The importance of neutrality that co-exists with secularism is that it pushes the idea we should all be treated and considered equally regardless of our backgrounds—and religion. This means striving to make rational choices and follow procedures that are evidenced by reason and science.

Sigmund Freud a neurologist and founder of psychoanalysis would favour the secularisation of society as he would argue “religion is comparable to childhood neurosis”, and that people of faith are viewing the world through rosy coloured glasses—In Freuds words ‘wishful thinking’.

These mindsets stunt humanity’s progress towards finding real answers behind our true purpose and creation of the universe. It is the easy route to use God as our answers, to comfortably feed our longing for the frightening gaps in our knowledge—that are yet to be filled. Freud identifies these gaps in three forms, the internal and external forces of nature and the desire for a father figure.

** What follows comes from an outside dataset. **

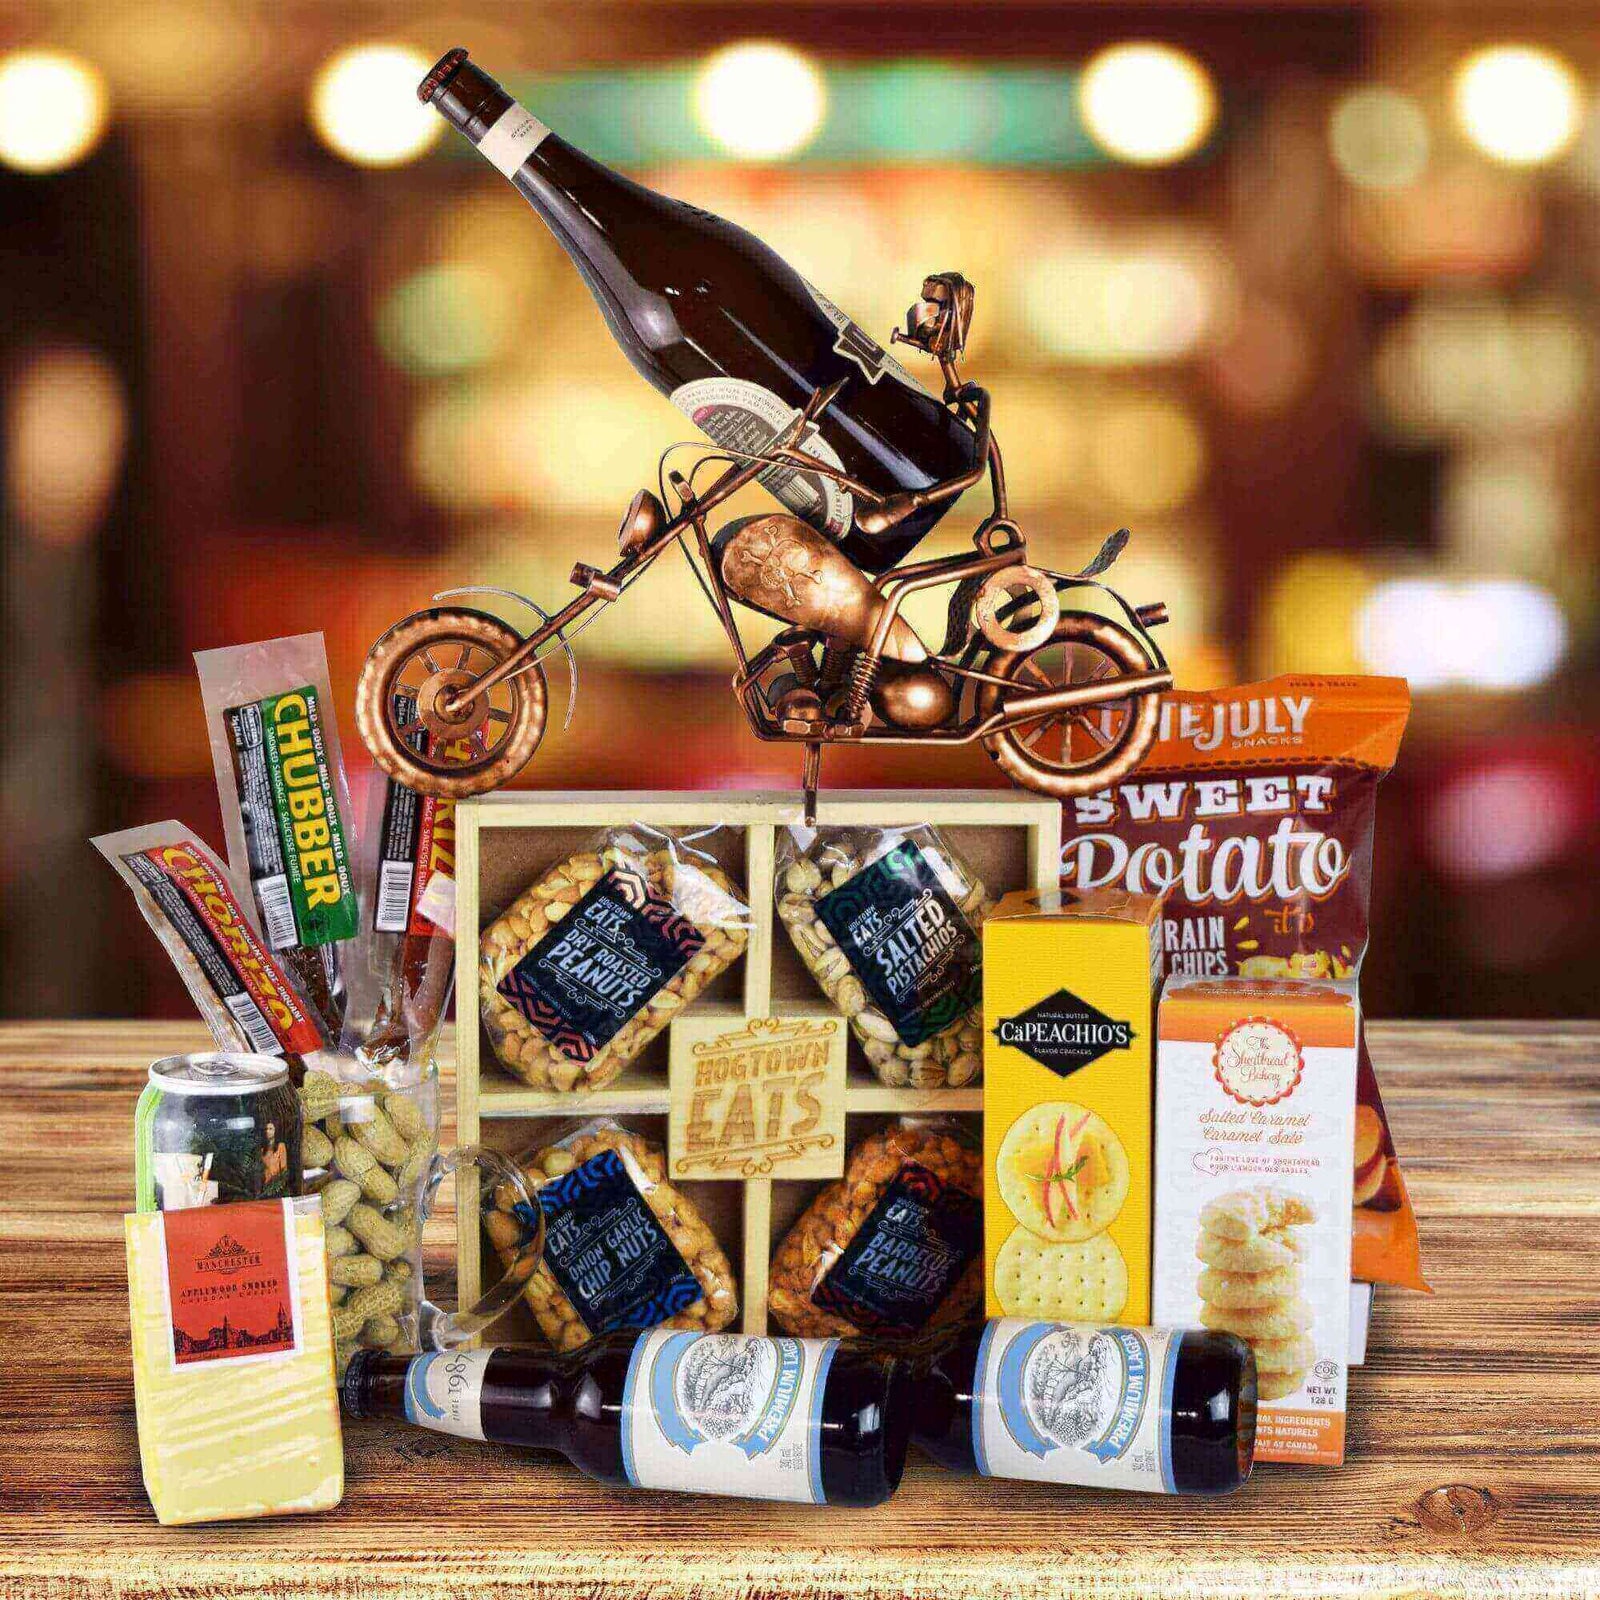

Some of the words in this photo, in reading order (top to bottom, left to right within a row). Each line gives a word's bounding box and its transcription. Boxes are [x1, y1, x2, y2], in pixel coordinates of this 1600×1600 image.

Religion completes our wants, however at what cost? Many popular monotheistic religions include ritual action, carried out in a repetitive manner which is similar to tactics that condition the mind and indoctrinate oneself with blind faith. Which Freud would describe as the birth of neurosis. Collectively those that believe in religion are trapped within a ‘universal obsessional neurosis’.

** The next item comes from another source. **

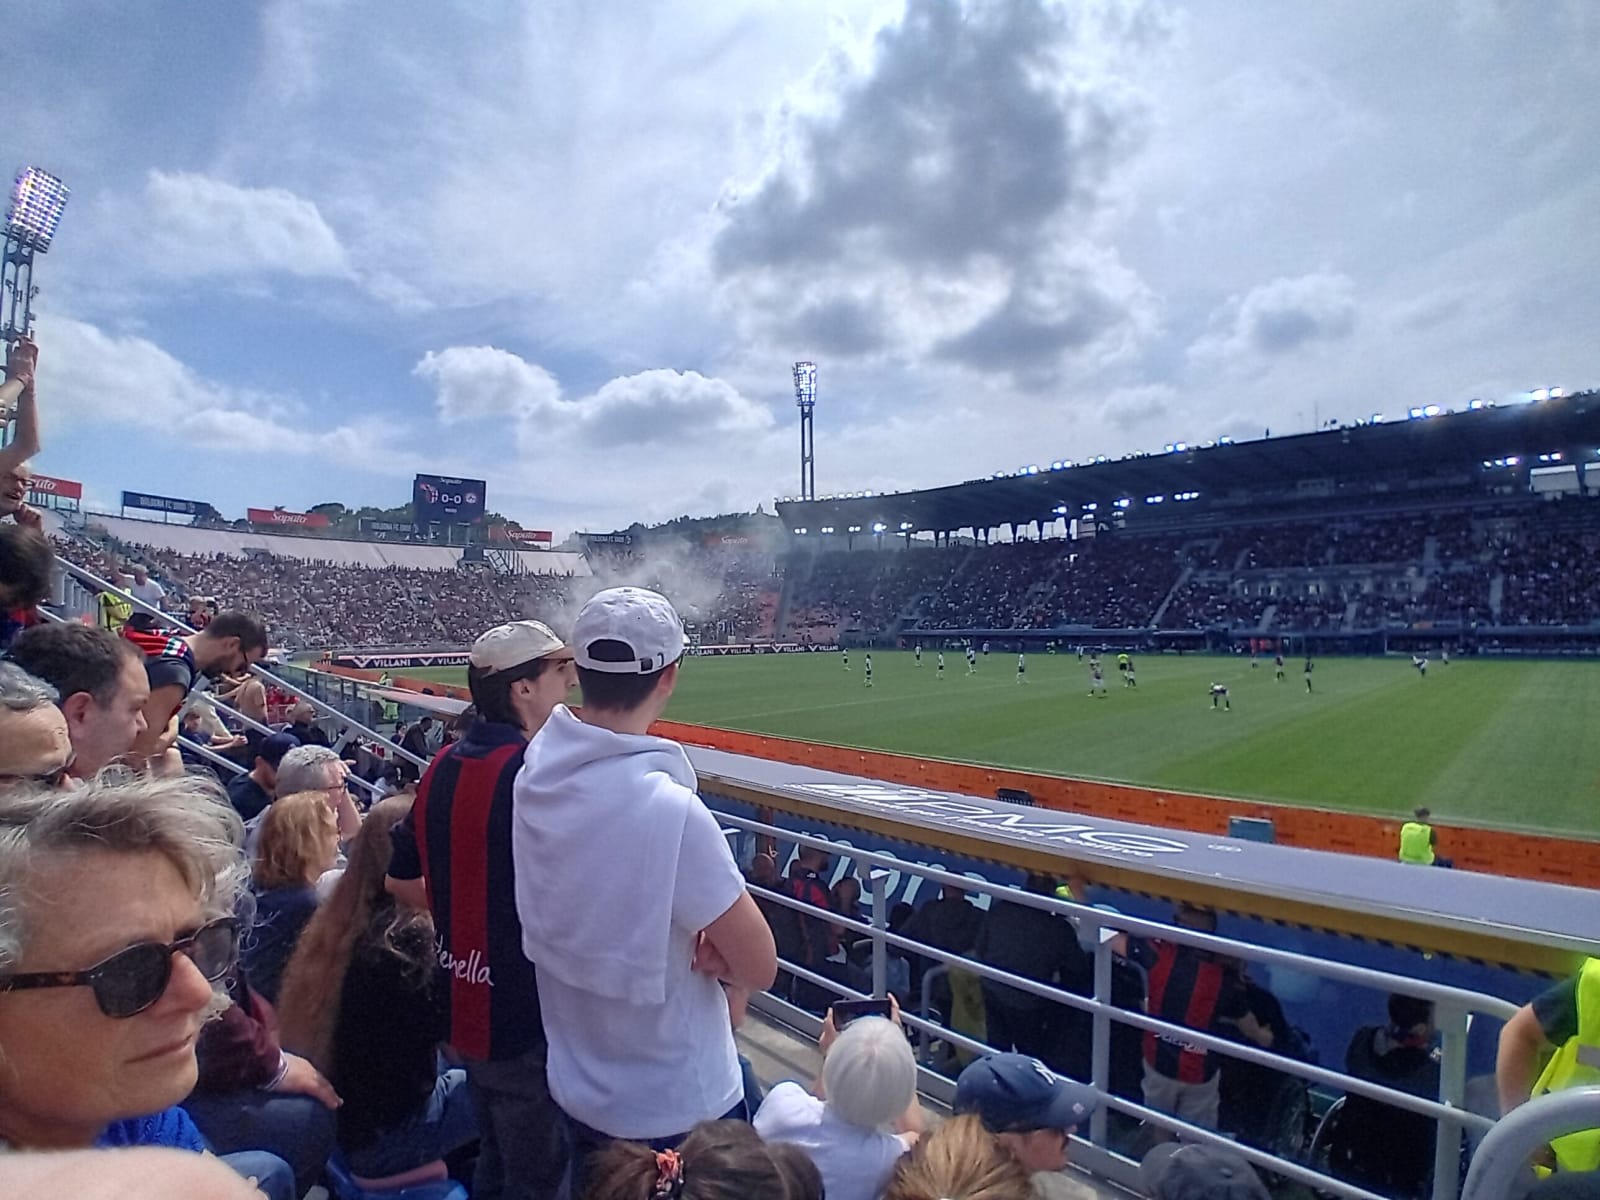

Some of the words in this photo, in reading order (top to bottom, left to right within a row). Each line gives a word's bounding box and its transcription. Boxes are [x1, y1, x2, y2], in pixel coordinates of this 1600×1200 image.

Alternatively, it was Freud that criticised his own point on religious neurosis by recognising, perhaps the only way to pull yourself out of neurosis, is through religion. In difficult times, it can provide a genuine sense of security and safety for people to preserve their sanity by knowing there is God/Father looking out for them.

Additionally, to the personal reparations faith gives, religion has furthermore contributed to bringing people together within communities, traditions and cultures. Nevertheless, albeit religion’s wishful happiness to people’s lives, we remain in oblivion. Under the strain of antiquated religion, progress is slow. Despite the momentary bliss that ignorance affords us—dazed by religious mantras.

Secularism by separating religion from the state will ensure society is not deluded by fantasy and it is in our best interest to teach modern science to future generations.

Richard Dawkins suggests further than programmatic secularists, that we are in fact doing more harm than good by bringing children up in a religious environment; comparative to ‘child abuse’.

Evaluating both scholars’ theories on the harmful effects of religion, it is apparent that secular society would benefit us greatly.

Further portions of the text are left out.